Lincoln-Way East Orchestra Students Take Musical Field Trip Downtown Chicago
Wednesday, December 19, 2018

Orchestra students at Lincoln-Way East recently took a musical field trip to downtown Chicago.

“We started our morning on stage with a performance workshop at DePaul University at their new state of the art School of Music. The acoustics were unbelievable!” said teacher Michelle Freeland.

Students worked with Frank Lestina, a leader in orchestral education. Alicia Pearson, junior and All-State cellist, performed the first movement of the Saint-Saens Cello Concerto and received a masterclass on the DePaul stage.

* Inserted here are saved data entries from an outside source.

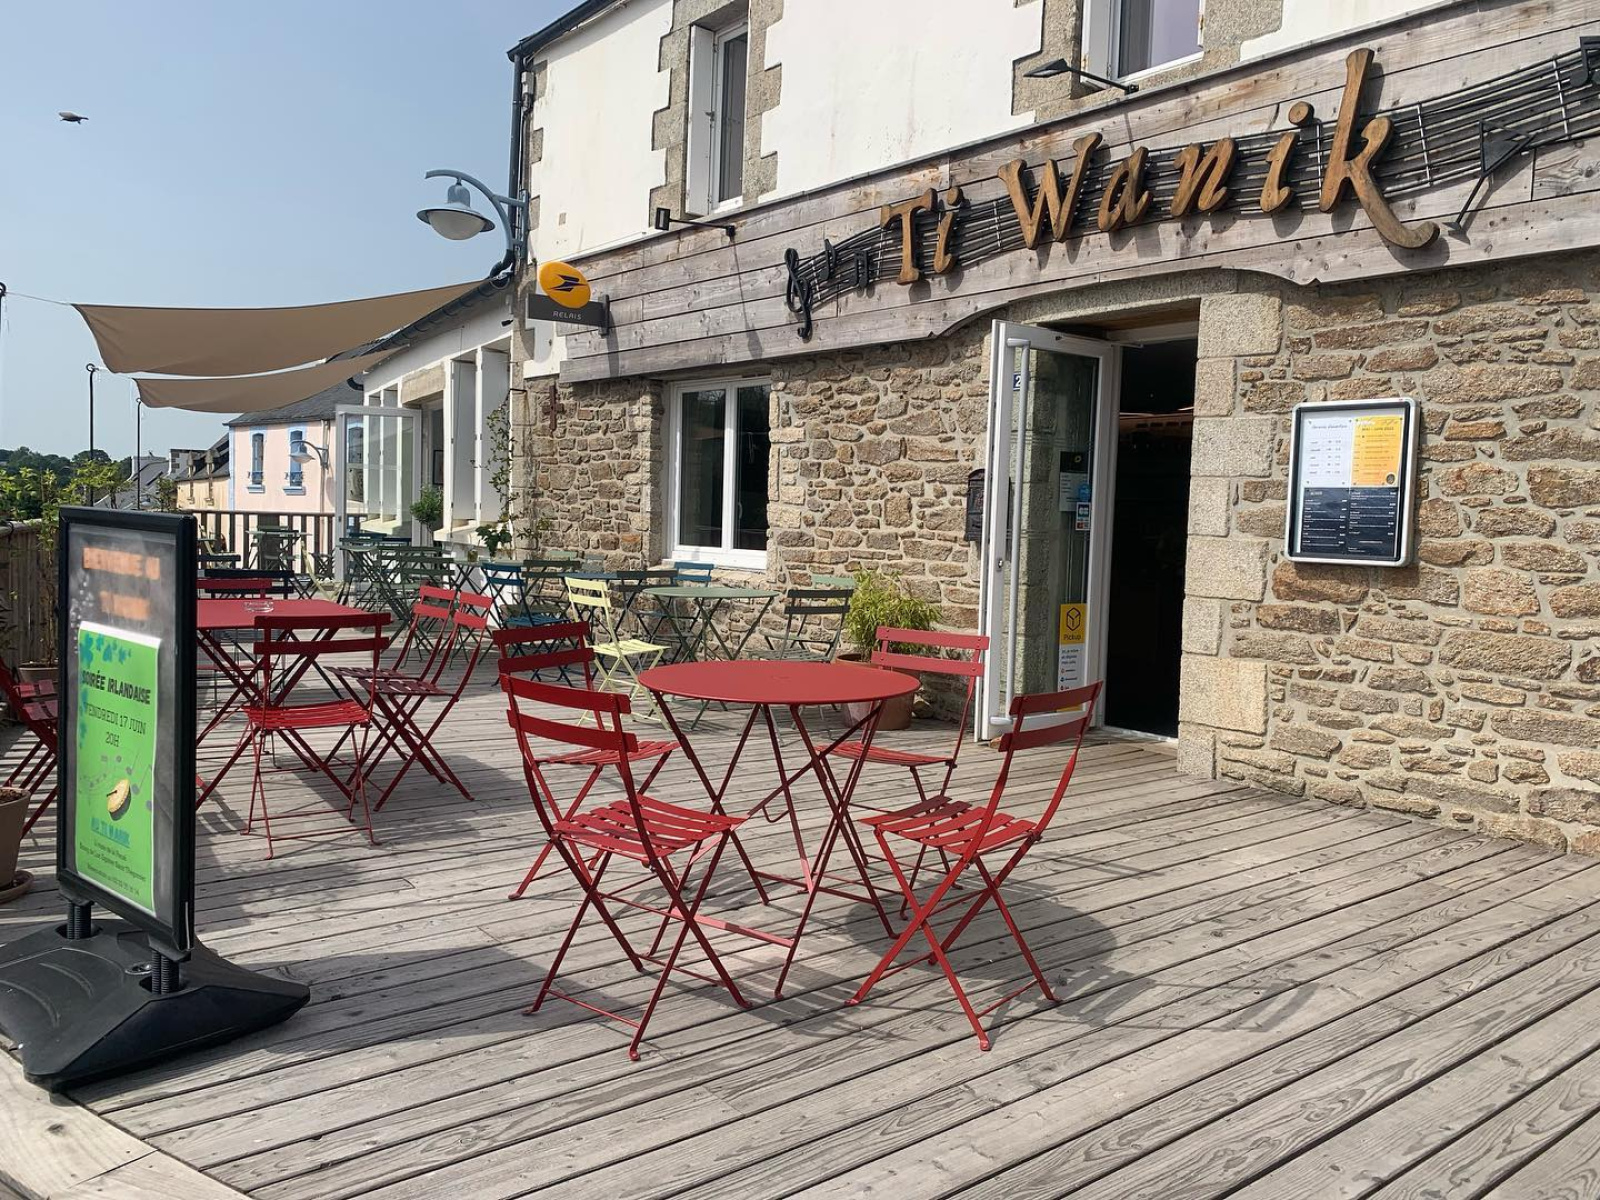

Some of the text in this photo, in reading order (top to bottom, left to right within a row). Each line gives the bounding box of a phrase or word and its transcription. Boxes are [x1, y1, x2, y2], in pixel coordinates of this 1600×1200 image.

[880, 48, 1440, 285] Ti Wanik
[552, 310, 582, 320] RELAIS
[1063, 633, 1082, 641] Pickup
[107, 677, 151, 705] IRLANDAISE
[119, 714, 129, 728] 17
[129, 717, 147, 735] JUIN

Students then had a tour of the School of Music, seeing classrooms, practice rooms, recording studios, and learning what degree programs are available.

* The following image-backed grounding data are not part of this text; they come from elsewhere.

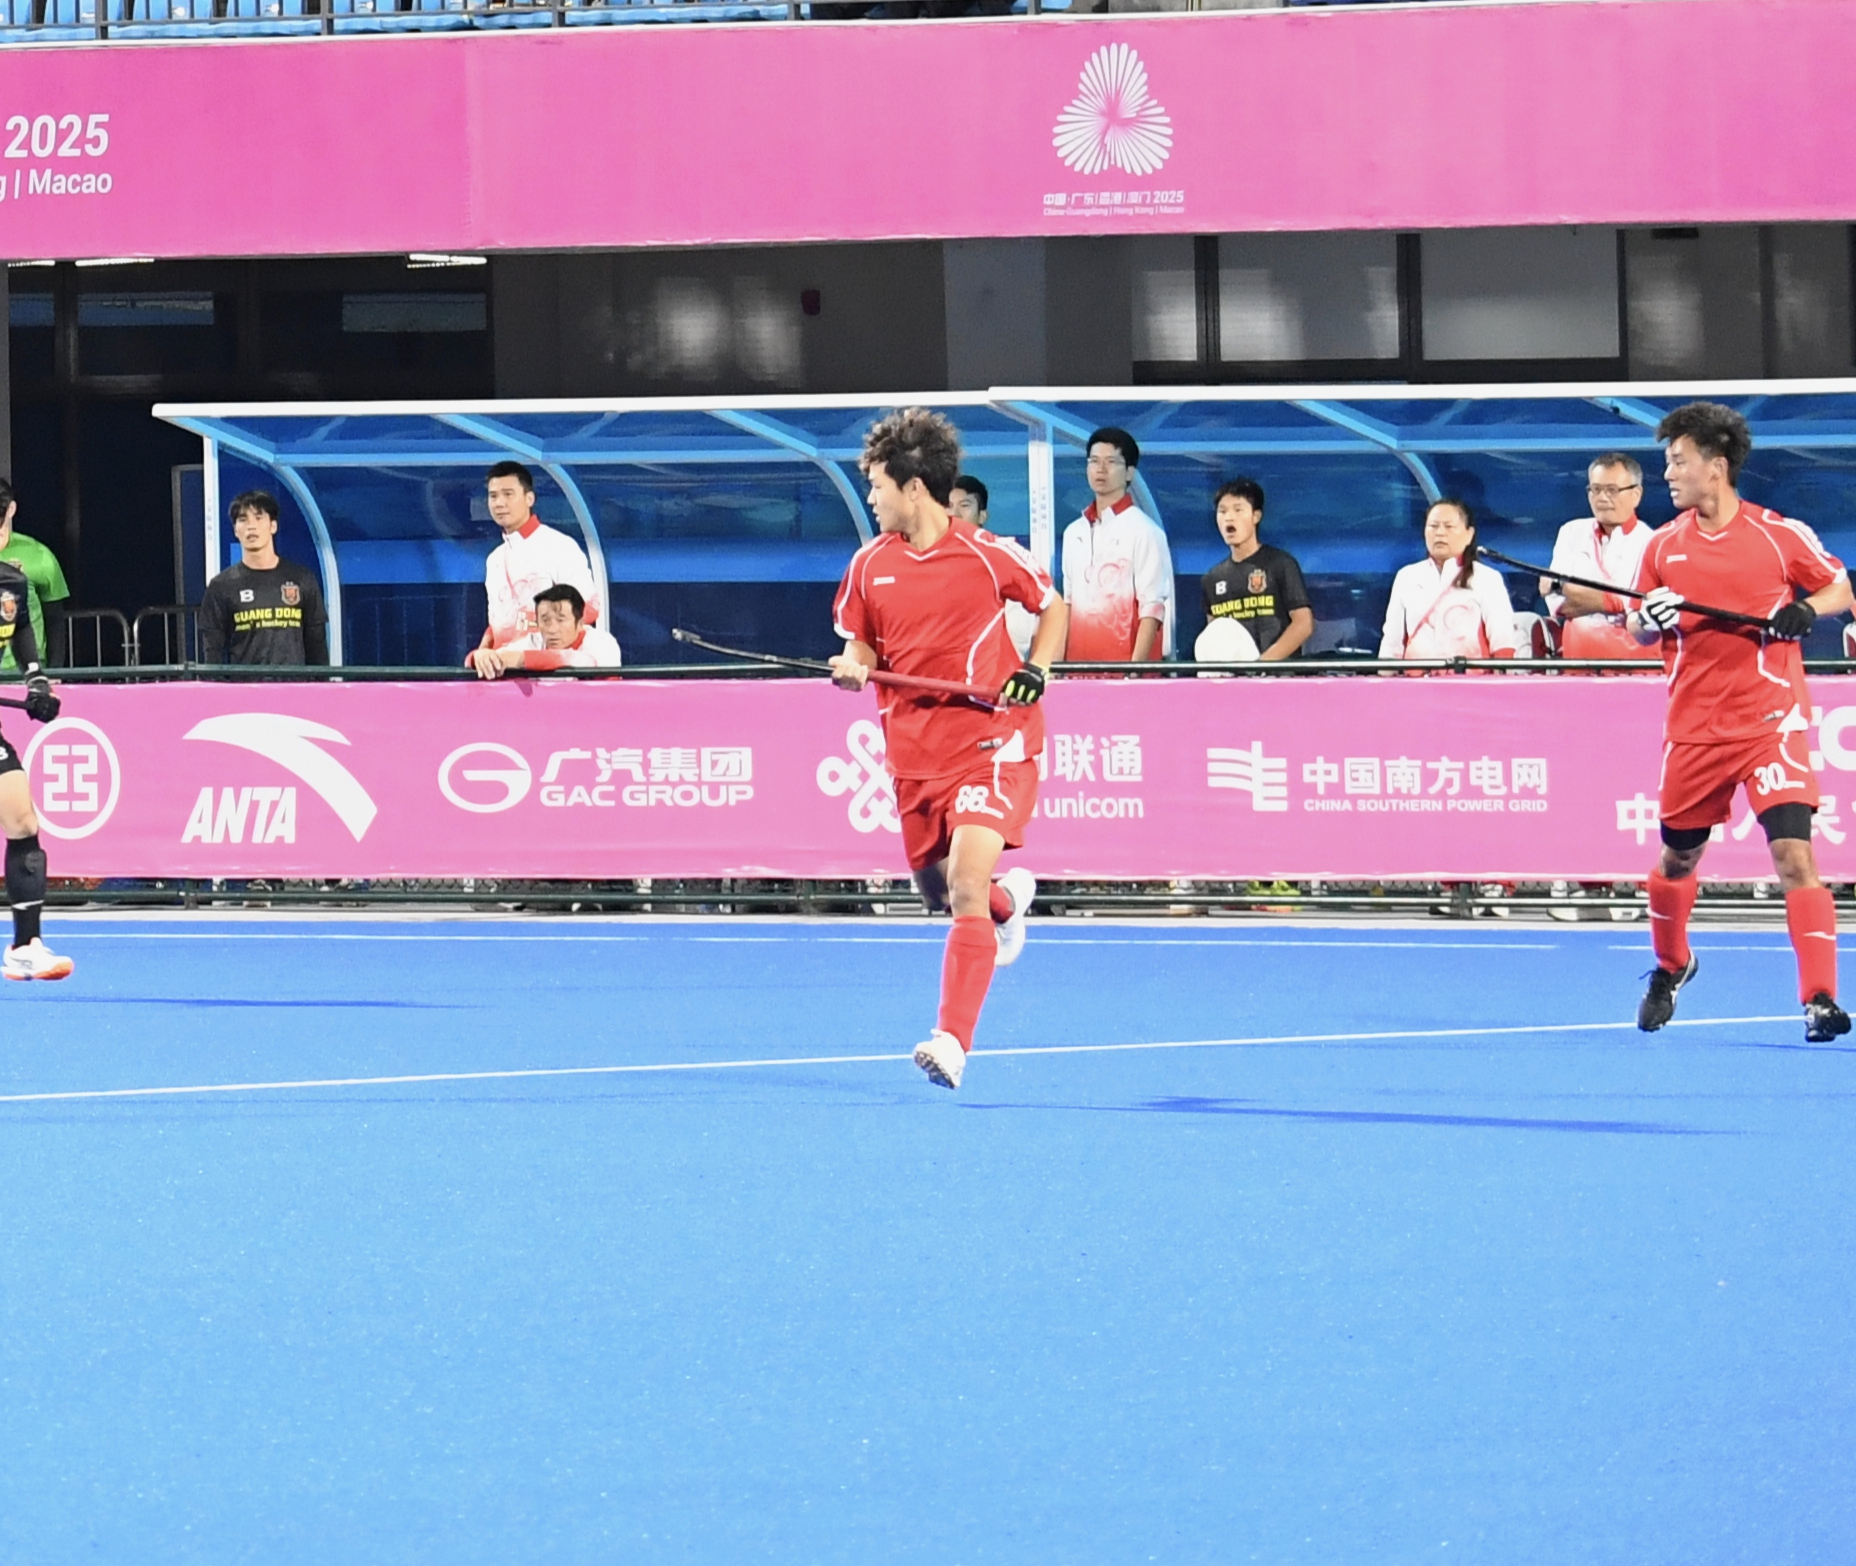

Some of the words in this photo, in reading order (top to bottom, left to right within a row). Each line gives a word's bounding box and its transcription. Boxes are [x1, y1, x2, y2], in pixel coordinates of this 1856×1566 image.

[4, 113, 111, 160] 2025
[28, 168, 113, 196] Macao
[1153, 190, 1185, 204] 2025
[233, 608, 272, 623] GUANG
[1243, 595, 1274, 608] DONG
[540, 747, 752, 783] 广汽集团
[1303, 756, 1549, 796] 中国南方电网
[1754, 762, 1786, 796] 30
[540, 784, 615, 807] GAC
[621, 784, 754, 807] GROUP
[1303, 799, 1352, 813] CHINA
[1357, 799, 1443, 813] SOUTHERN
[1447, 799, 1505, 812] POWER
[1509, 799, 1549, 812] GRID
[181, 787, 296, 843] ANTA

The class also went to the Fine Arts Building on Michigan Ave and were able to tour the workshop of William Harris Lee and Co., fine string instrument maker. Students got to see how their instruments are made, starting from the block of wood they get carved from.

“Four craftsmen were working on instruments in the shop for us to witness,” said Freeland. “We were then allowed in to their showroom to play the instruments that get made at the shop.”

Next was Bein and Fushi, Fine Instrument Dealer for a history lecture and performance with the rare violins that come through Chicago. Students were able to see up close and hear multi-million dollar violins, including a Stradivarius and a Guarneri Del Gesu from the early 1700's.

Lastly, the class arrived at Symphony Center, home of the Chicago Symphony Orchestra. Three students had a masterclass, performing in front of their peers, with CSO violinist and Northwestern Professor Blair Milton. Elyse Skolek, Lauren Raimbault, and Ellie Marion performed, and all of the students learned new techniques to take back to the classroom.

“We then had a backstage tour of Symphony Center, and ended our day with a Chicago Symphony Orchestra Concert - watching them perform the film music to Harry Potter and the Sorcerer's Stone. It was a day we will never forget!” said Freeland.